Free-text object descriptions:
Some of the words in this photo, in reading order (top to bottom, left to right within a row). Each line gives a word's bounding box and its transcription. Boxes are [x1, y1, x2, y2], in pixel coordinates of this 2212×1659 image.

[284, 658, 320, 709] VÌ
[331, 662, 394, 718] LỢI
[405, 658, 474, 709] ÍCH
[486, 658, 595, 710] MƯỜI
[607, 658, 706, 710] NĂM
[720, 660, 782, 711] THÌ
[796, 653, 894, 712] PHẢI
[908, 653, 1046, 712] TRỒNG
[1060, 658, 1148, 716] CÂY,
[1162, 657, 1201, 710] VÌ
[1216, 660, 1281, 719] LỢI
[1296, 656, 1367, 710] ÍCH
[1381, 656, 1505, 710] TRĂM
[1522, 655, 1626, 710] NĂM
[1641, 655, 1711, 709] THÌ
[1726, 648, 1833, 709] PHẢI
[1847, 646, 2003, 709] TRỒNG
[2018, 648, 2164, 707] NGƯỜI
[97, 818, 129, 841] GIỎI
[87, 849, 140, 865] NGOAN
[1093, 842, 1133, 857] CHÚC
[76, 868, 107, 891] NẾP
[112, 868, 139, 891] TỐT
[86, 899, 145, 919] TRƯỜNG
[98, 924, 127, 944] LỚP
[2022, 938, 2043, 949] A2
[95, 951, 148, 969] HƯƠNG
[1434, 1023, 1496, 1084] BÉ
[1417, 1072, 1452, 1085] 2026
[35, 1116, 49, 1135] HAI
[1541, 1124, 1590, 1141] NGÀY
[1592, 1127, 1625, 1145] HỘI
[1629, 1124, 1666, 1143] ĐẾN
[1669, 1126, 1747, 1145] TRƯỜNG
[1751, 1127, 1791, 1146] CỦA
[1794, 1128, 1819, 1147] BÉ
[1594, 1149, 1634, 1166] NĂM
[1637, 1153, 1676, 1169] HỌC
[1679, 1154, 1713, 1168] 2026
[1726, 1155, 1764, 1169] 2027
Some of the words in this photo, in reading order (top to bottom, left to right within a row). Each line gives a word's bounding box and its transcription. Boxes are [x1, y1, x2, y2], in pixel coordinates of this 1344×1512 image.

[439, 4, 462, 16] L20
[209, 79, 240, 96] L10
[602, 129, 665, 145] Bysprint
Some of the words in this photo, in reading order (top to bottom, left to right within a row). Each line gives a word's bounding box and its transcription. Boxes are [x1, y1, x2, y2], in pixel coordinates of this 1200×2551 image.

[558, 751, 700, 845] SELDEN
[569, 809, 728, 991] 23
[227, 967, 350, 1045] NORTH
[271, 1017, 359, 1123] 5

What this task involves:
Transcribe the data in full, keeping every detail.

Solution below:
Some of the words in this photo, in reading order (top to bottom, left to right within a row). Each line gives a word's bounding box and its transcription. Boxes are [x1, y1, x2, y2], in pixel coordinates of this 2212×1659 image.

[284, 658, 320, 709] VÌ
[331, 662, 394, 718] LỢI
[405, 658, 474, 709] ÍCH
[486, 658, 595, 710] MƯỜI
[607, 658, 706, 710] NĂM
[720, 660, 782, 711] THÌ
[796, 653, 894, 712] PHẢI
[908, 653, 1046, 712] TRỒNG
[1060, 658, 1148, 716] CÂY,
[1162, 657, 1201, 710] VÌ
[1216, 660, 1281, 719] LỢI
[1296, 656, 1367, 710] ÍCH
[1381, 656, 1505, 710] TRĂM
[1522, 655, 1626, 710] NĂM
[1641, 655, 1711, 709] THÌ
[1726, 648, 1833, 709] PHẢI
[1847, 646, 2003, 709] TRỒNG
[2018, 648, 2164, 707] NGƯỜI
[97, 818, 129, 841] GIỎI
[87, 849, 140, 865] NGOAN
[1093, 842, 1133, 857] CHÚC
[76, 868, 107, 891] NẾP
[112, 868, 139, 891] TỐT
[86, 899, 145, 919] TRƯỜNG
[98, 924, 127, 944] LỚP
[2022, 938, 2043, 949] A2
[95, 951, 148, 969] HƯƠNG
[1434, 1023, 1496, 1084] BÉ
[1417, 1072, 1452, 1085] 2026
[35, 1116, 49, 1135] HAI
[1541, 1124, 1590, 1141] NGÀY
[1592, 1127, 1625, 1145] HỘI
[1629, 1124, 1666, 1143] ĐẾN
[1669, 1126, 1747, 1145] TRƯỜNG
[1751, 1127, 1791, 1146] CỦA
[1794, 1128, 1819, 1147] BÉ
[1594, 1149, 1634, 1166] NĂM
[1637, 1153, 1676, 1169] HỌC
[1679, 1154, 1713, 1168] 2026
[1726, 1155, 1764, 1169] 2027
Some of the words in this photo, in reading order (top to bottom, left to right within a row). Each line gives a word's bounding box and its transcription. Boxes are [x1, y1, x2, y2], in pixel coordinates of this 1344×1512 image.

[439, 4, 462, 16] L20
[209, 79, 240, 96] L10
[602, 129, 665, 145] Bysprint
Some of the words in this photo, in reading order (top to bottom, left to right within a row). Each line gives a word's bounding box and its transcription. Boxes are [x1, y1, x2, y2], in pixel coordinates of this 1200×2551 image.

[558, 751, 700, 845] SELDEN
[569, 809, 728, 991] 23
[227, 967, 350, 1045] NORTH
[271, 1017, 359, 1123] 5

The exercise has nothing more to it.